**Directions**
Give back every entry below, unchanged.

[Source data — start]

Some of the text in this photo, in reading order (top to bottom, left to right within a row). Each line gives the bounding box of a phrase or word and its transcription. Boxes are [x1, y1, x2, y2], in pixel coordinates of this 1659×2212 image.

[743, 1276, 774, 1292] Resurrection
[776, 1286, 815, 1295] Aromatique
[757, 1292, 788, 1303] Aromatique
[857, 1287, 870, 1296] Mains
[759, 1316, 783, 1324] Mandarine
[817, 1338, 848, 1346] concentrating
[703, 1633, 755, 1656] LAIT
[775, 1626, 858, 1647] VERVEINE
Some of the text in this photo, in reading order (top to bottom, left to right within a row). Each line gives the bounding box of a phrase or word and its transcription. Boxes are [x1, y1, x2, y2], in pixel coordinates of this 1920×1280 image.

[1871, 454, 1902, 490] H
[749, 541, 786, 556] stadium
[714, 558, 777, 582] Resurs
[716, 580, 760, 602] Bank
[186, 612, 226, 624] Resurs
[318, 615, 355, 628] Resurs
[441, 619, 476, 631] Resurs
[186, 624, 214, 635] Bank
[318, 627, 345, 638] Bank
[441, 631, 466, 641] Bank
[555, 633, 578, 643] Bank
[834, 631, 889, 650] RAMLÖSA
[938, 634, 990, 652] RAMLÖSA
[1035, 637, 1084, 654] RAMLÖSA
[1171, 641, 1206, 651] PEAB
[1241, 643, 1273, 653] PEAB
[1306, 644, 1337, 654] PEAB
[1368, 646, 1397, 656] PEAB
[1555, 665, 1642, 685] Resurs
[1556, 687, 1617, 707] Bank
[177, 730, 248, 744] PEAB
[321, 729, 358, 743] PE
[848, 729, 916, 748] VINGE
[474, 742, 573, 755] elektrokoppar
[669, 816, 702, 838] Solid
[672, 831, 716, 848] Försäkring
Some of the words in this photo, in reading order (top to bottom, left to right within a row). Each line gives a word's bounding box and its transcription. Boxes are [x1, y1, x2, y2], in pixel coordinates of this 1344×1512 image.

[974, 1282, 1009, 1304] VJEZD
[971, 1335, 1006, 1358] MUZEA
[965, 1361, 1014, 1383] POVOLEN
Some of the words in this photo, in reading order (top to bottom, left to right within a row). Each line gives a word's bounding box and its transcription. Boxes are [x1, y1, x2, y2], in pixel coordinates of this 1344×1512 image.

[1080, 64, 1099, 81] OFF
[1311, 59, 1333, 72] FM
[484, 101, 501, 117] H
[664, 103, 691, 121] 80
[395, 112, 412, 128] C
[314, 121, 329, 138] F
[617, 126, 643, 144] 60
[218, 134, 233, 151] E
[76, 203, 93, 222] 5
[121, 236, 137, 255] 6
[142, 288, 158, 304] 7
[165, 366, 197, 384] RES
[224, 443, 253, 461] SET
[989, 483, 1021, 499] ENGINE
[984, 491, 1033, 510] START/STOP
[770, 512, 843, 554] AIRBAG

[Source data — finish]

**Answer for this exercise**
Some of the text in this photo, in reading order (top to bottom, left to right within a row). Each line gives the bounding box of a phrase or word and its transcription. Boxes are [x1, y1, x2, y2], in pixel coordinates of this 1659×2212 image.

[743, 1276, 774, 1292] Resurrection
[776, 1286, 815, 1295] Aromatique
[757, 1292, 788, 1303] Aromatique
[857, 1287, 870, 1296] Mains
[759, 1316, 783, 1324] Mandarine
[817, 1338, 848, 1346] concentrating
[703, 1633, 755, 1656] LAIT
[775, 1626, 858, 1647] VERVEINE
Some of the text in this photo, in reading order (top to bottom, left to right within a row). Each line gives the bounding box of a phrase or word and its transcription. Boxes are [x1, y1, x2, y2], in pixel coordinates of this 1920×1280 image.

[1871, 454, 1902, 490] H
[749, 541, 786, 556] stadium
[714, 558, 777, 582] Resurs
[716, 580, 760, 602] Bank
[186, 612, 226, 624] Resurs
[318, 615, 355, 628] Resurs
[441, 619, 476, 631] Resurs
[186, 624, 214, 635] Bank
[318, 627, 345, 638] Bank
[441, 631, 466, 641] Bank
[555, 633, 578, 643] Bank
[834, 631, 889, 650] RAMLÖSA
[938, 634, 990, 652] RAMLÖSA
[1035, 637, 1084, 654] RAMLÖSA
[1171, 641, 1206, 651] PEAB
[1241, 643, 1273, 653] PEAB
[1306, 644, 1337, 654] PEAB
[1368, 646, 1397, 656] PEAB
[1555, 665, 1642, 685] Resurs
[1556, 687, 1617, 707] Bank
[177, 730, 248, 744] PEAB
[321, 729, 358, 743] PE
[848, 729, 916, 748] VINGE
[474, 742, 573, 755] elektrokoppar
[669, 816, 702, 838] Solid
[672, 831, 716, 848] Försäkring
Some of the words in this photo, in reading order (top to bottom, left to right within a row). Each line gives a word's bounding box and its transcription. Boxes are [x1, y1, x2, y2], in pixel coordinates of this 1344×1512 image.

[974, 1282, 1009, 1304] VJEZD
[971, 1335, 1006, 1358] MUZEA
[965, 1361, 1014, 1383] POVOLEN
Some of the words in this photo, in reading order (top to bottom, left to right within a row). Each line gives a word's bounding box and its transcription. Boxes are [x1, y1, x2, y2], in pixel coordinates of this 1344×1512 image.

[1080, 64, 1099, 81] OFF
[1311, 59, 1333, 72] FM
[484, 101, 501, 117] H
[664, 103, 691, 121] 80
[395, 112, 412, 128] C
[314, 121, 329, 138] F
[617, 126, 643, 144] 60
[218, 134, 233, 151] E
[76, 203, 93, 222] 5
[121, 236, 137, 255] 6
[142, 288, 158, 304] 7
[165, 366, 197, 384] RES
[224, 443, 253, 461] SET
[989, 483, 1021, 499] ENGINE
[984, 491, 1033, 510] START/STOP
[770, 512, 843, 554] AIRBAG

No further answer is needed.